(Annotated photo localization data)
===

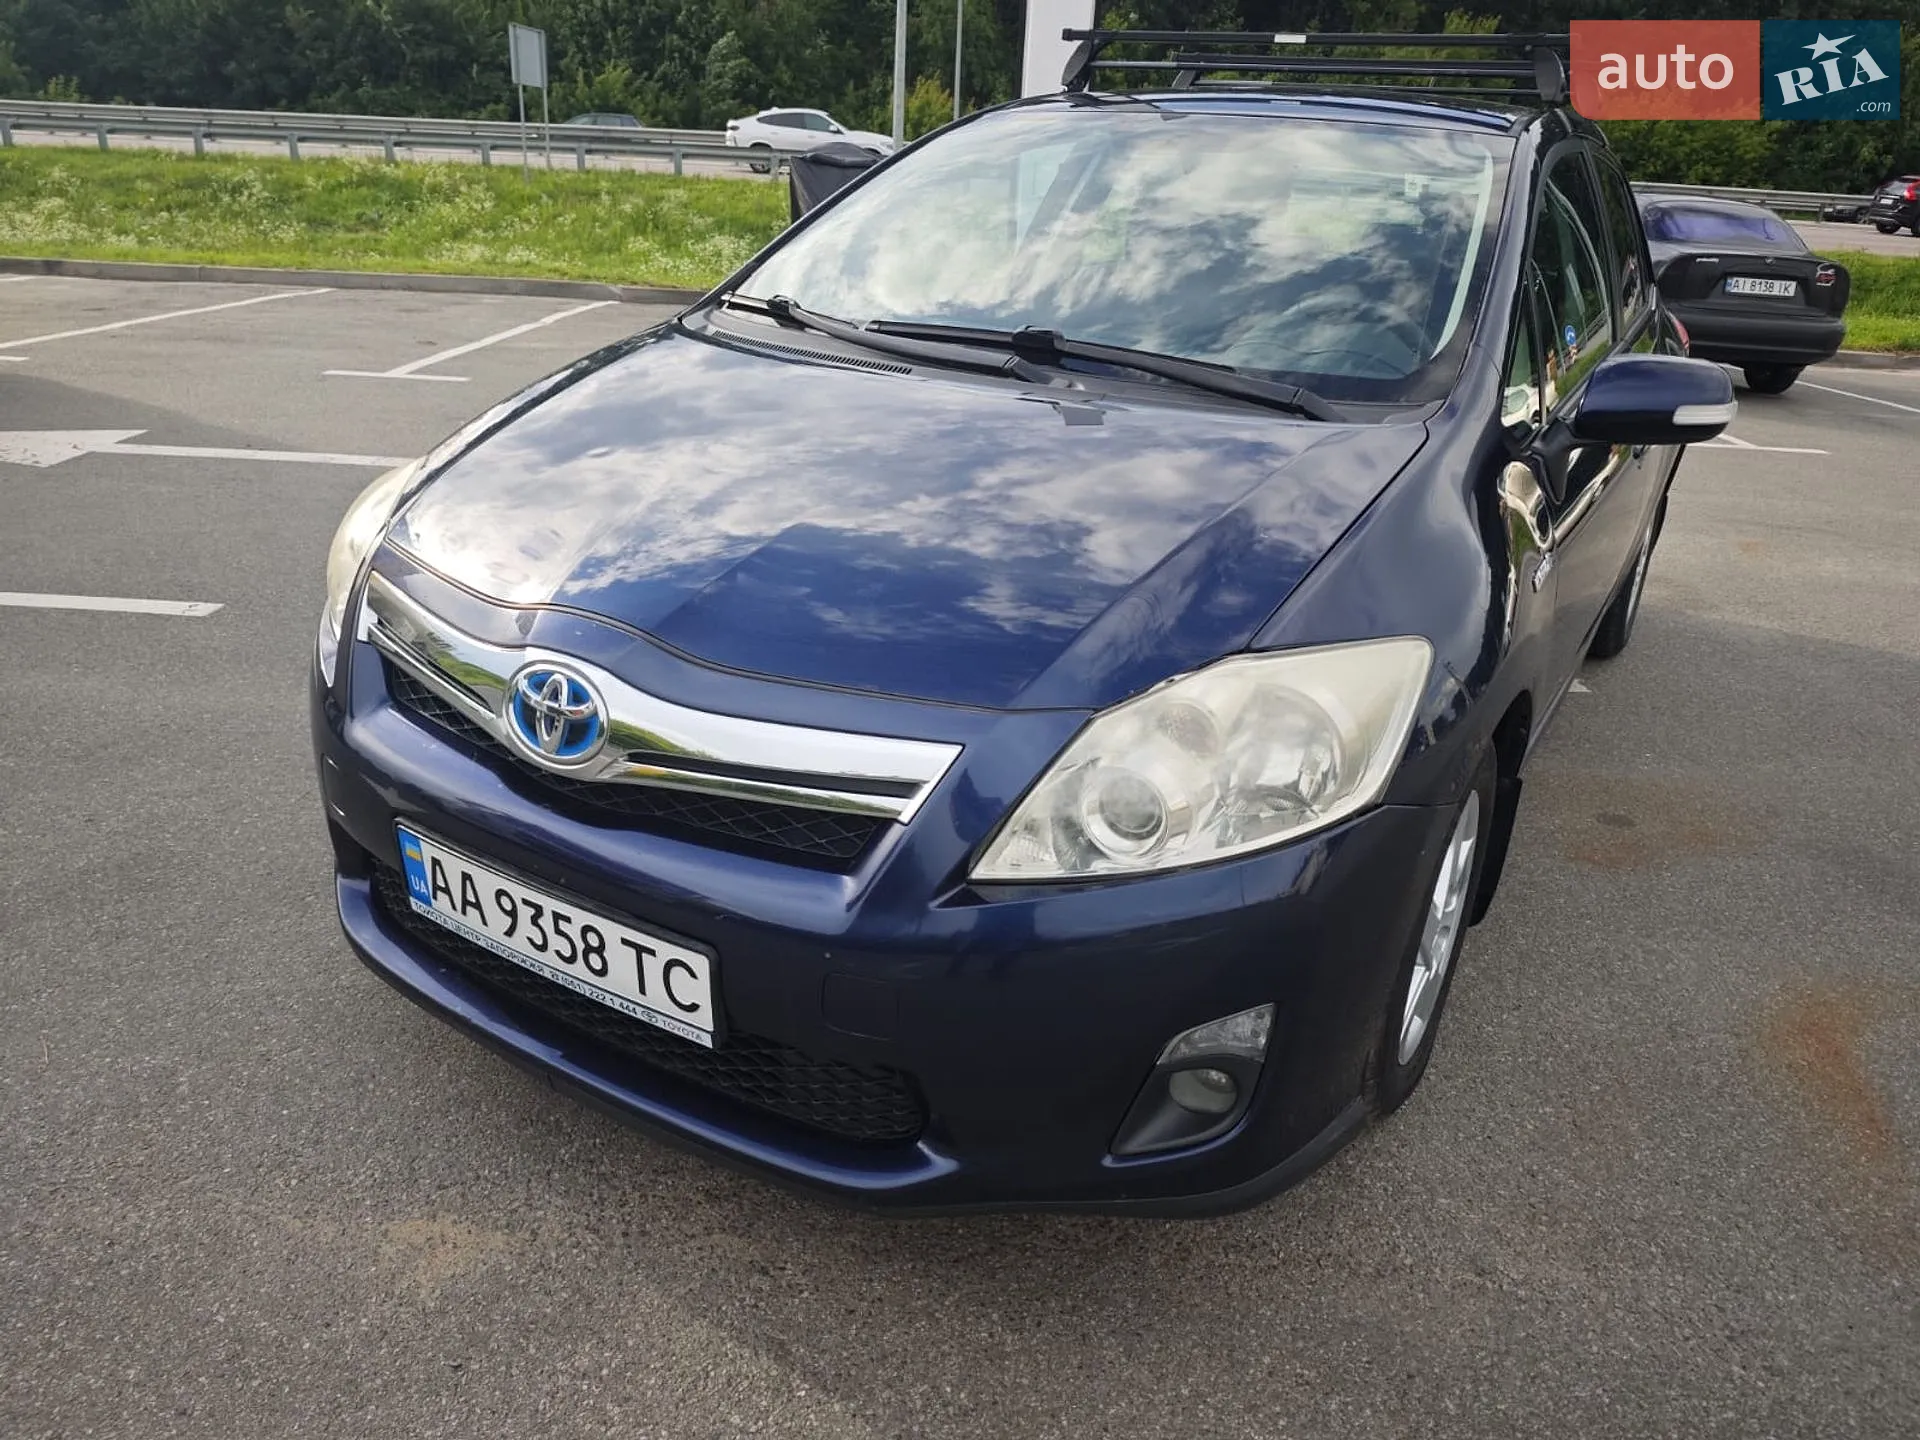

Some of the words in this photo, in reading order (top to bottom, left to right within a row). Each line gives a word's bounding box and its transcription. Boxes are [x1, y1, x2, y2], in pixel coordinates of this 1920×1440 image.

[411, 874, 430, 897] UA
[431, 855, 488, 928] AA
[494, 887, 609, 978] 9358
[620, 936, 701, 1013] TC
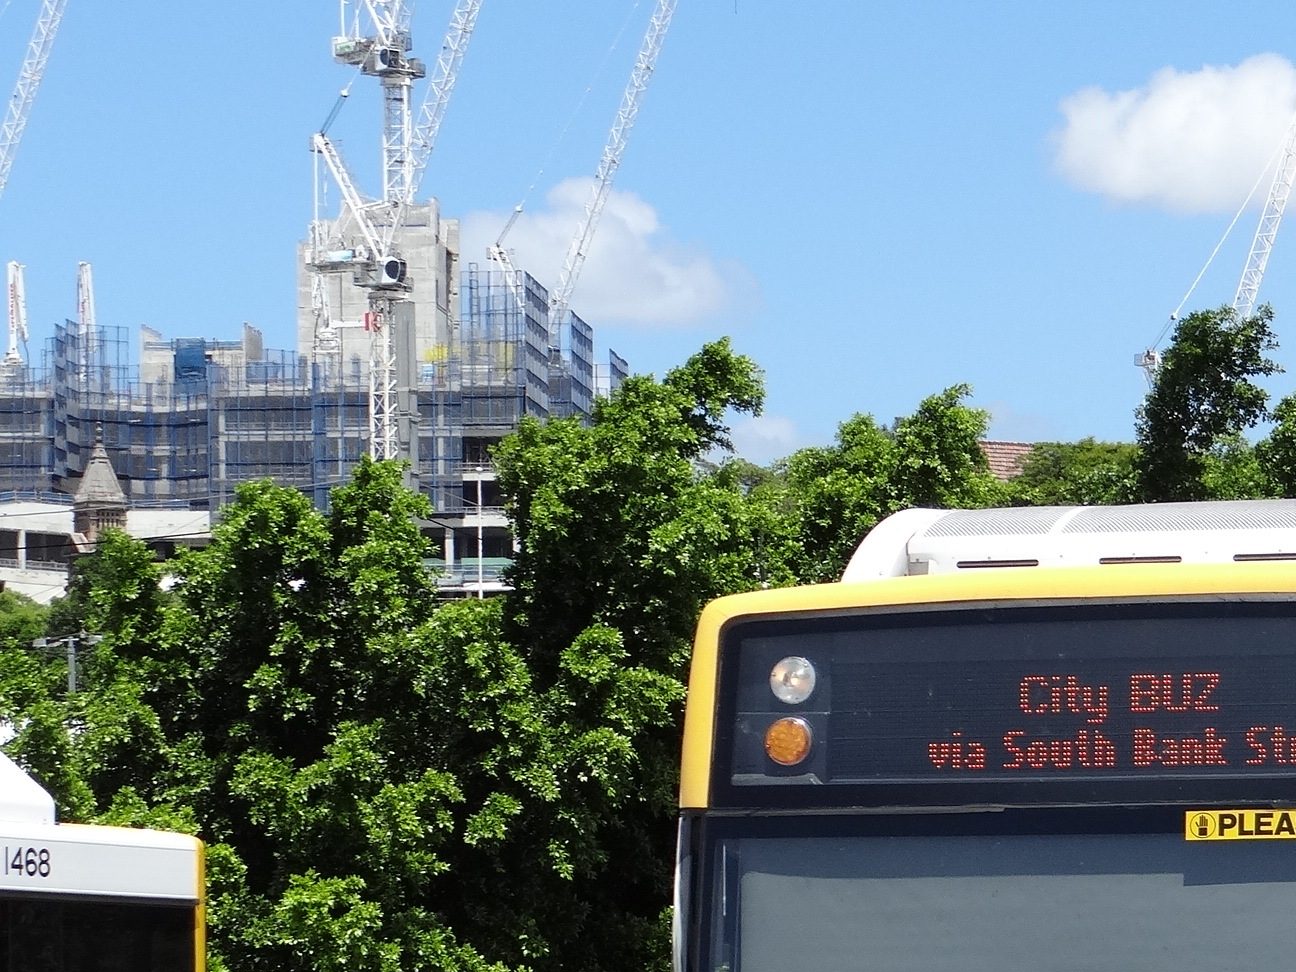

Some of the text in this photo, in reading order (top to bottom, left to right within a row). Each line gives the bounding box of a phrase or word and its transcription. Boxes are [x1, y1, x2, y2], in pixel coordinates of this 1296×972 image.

===

- WORK ITEM:
An exact reproduction of the data above is required, with every picture removed.

- SOLUTION TO THE PROBLEM:
Some of the words in this photo, in reading order (top to bottom, left to right within a row). Each line gives a word's bounding box and its transcription. Boxes are [x1, y1, x2, y2], in pixel coordinates of this 1920×1440 image.

[411, 874, 430, 897] UA
[431, 855, 488, 928] AA
[494, 887, 609, 978] 9358
[620, 936, 701, 1013] TC

Some of the text in this photo, in reading order (top to bottom, left to right within a row). Each line gives the bounding box of a phrase or word and its transcription. Boxes are [x1, y1, x2, y2], in pixel coordinates of this 1296×972 image.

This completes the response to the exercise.